Actuellement, parmi les situations qui sont signalées à la cellule d'écoute et d'accompagnement, seules 20 % sont le fait de mineurs. Donc ce rapprochement n'a pas de sens. Je voudrais rassurer la CNCDH sur le fonctionnement de cette cellule au regard des droits de l'homme : on prend le temps d'écouter les gens (entre 30 à 90 minutes par appel) et aucun signalement n'est possible si les appelants ne souhaitent pas laisser leurs coordonnées. Il faut savoir que le conseil national de l'Ordre des médecins recommande aux médecins d’adresser leurs patients ou leurs proches à cette plateforme.
Le travail social, et notamment la prévention spécialisée, ne risque-t-il pas de perdre son âme en participant à ces cellules, en lien avec les forces de police ?
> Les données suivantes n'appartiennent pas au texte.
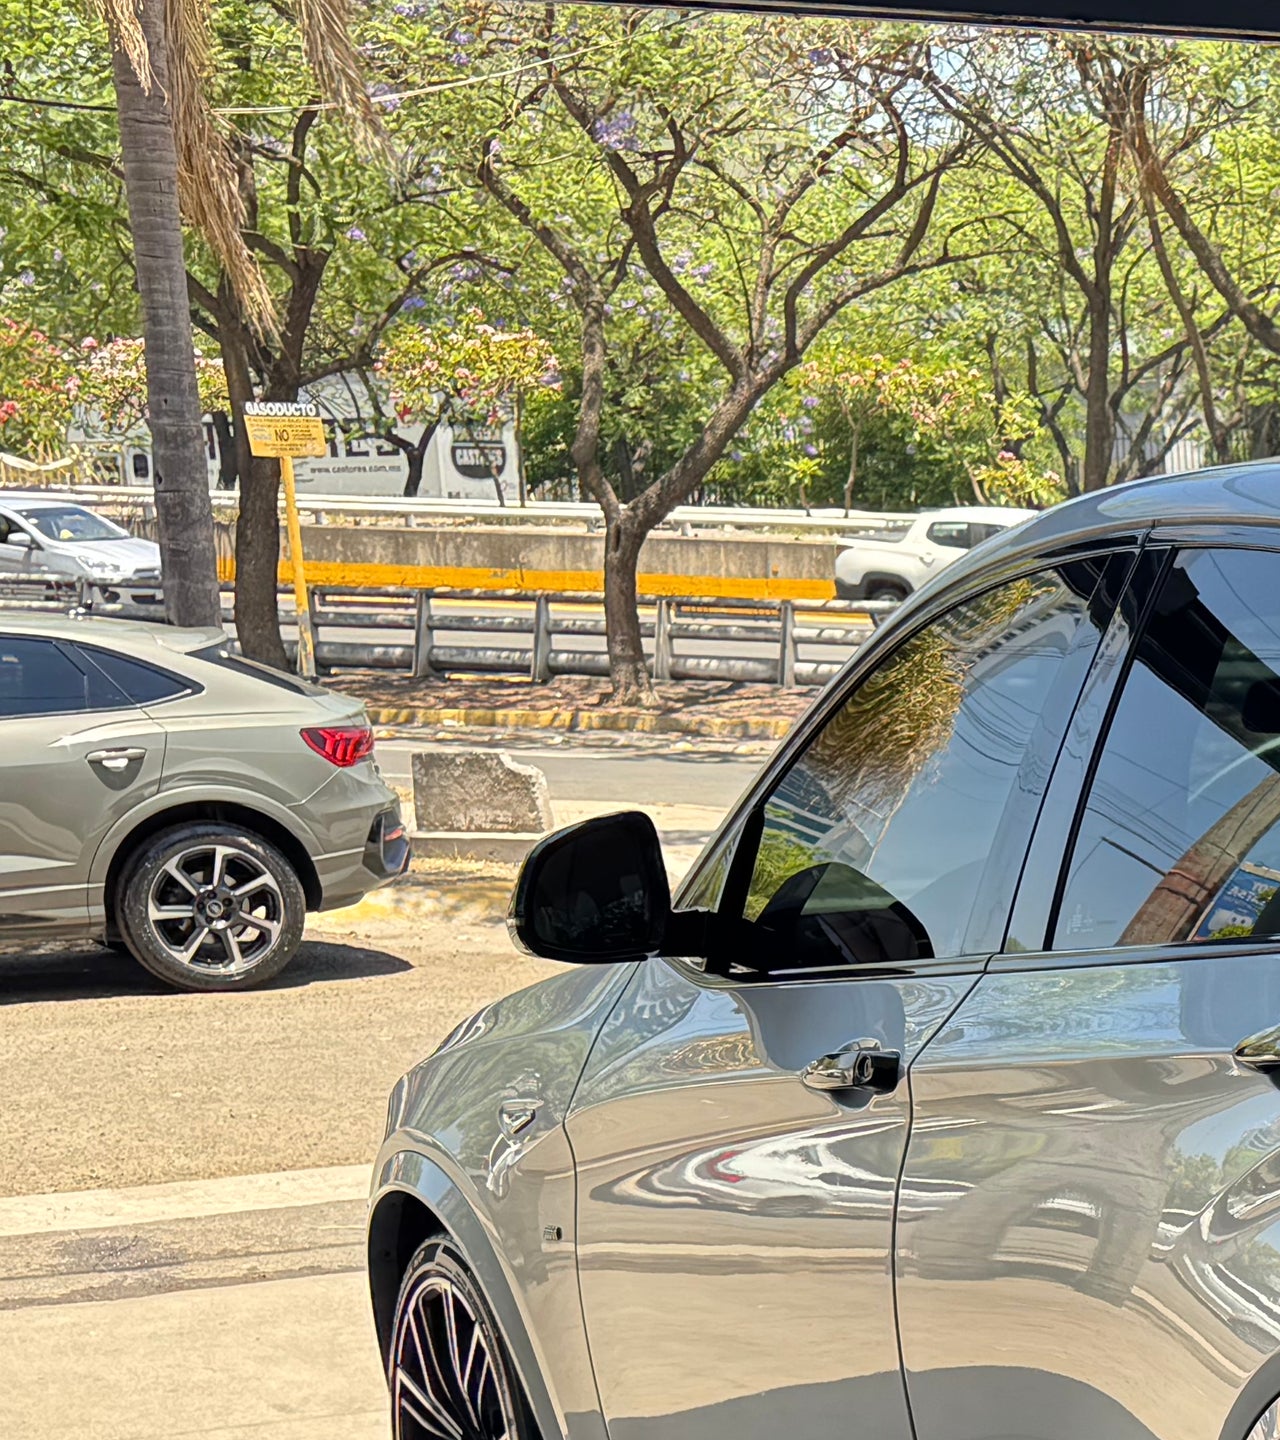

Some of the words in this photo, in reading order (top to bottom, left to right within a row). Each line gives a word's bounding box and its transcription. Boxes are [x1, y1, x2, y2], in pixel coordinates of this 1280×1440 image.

[245, 402, 316, 416] GASODUCTO
[274, 428, 290, 441] NO
[455, 448, 503, 466] CASTES
Il ne faut pas vouloir garder les mains propres, au risque de ne rien faire. Même si le contexte a changé depuis les attentats, l'obligation juridique demeure. La problématique du signalement n'est pas du tout nouvelle : il s'agit pour les travailleurs sociaux d'intervenir quand il y a un risque grave pour la personne ou pour un tiers. C'est ce que la prévention spécialisée fait en participant aux cellules préfectorales. Je serais très inquiète si elle s'en désengageait car je préfère la modestie des intervenants sociaux connaissant bien le terrain à du tout-répressif ou à l'arrivée de gourous auto-proclamés ! L'important dans ce travail en partenariat, c'est justement de partager les pratiques et d'entendre ce que les travailleurs sociaux ont à dire sur les réalités locales.
* Comité national de liaison des acteurs de prévention spécialisée, Association nationale des maisons des adolescents, Fédération française de psychiatrie, Fédération nationale des écoles des parents et des éducateurs.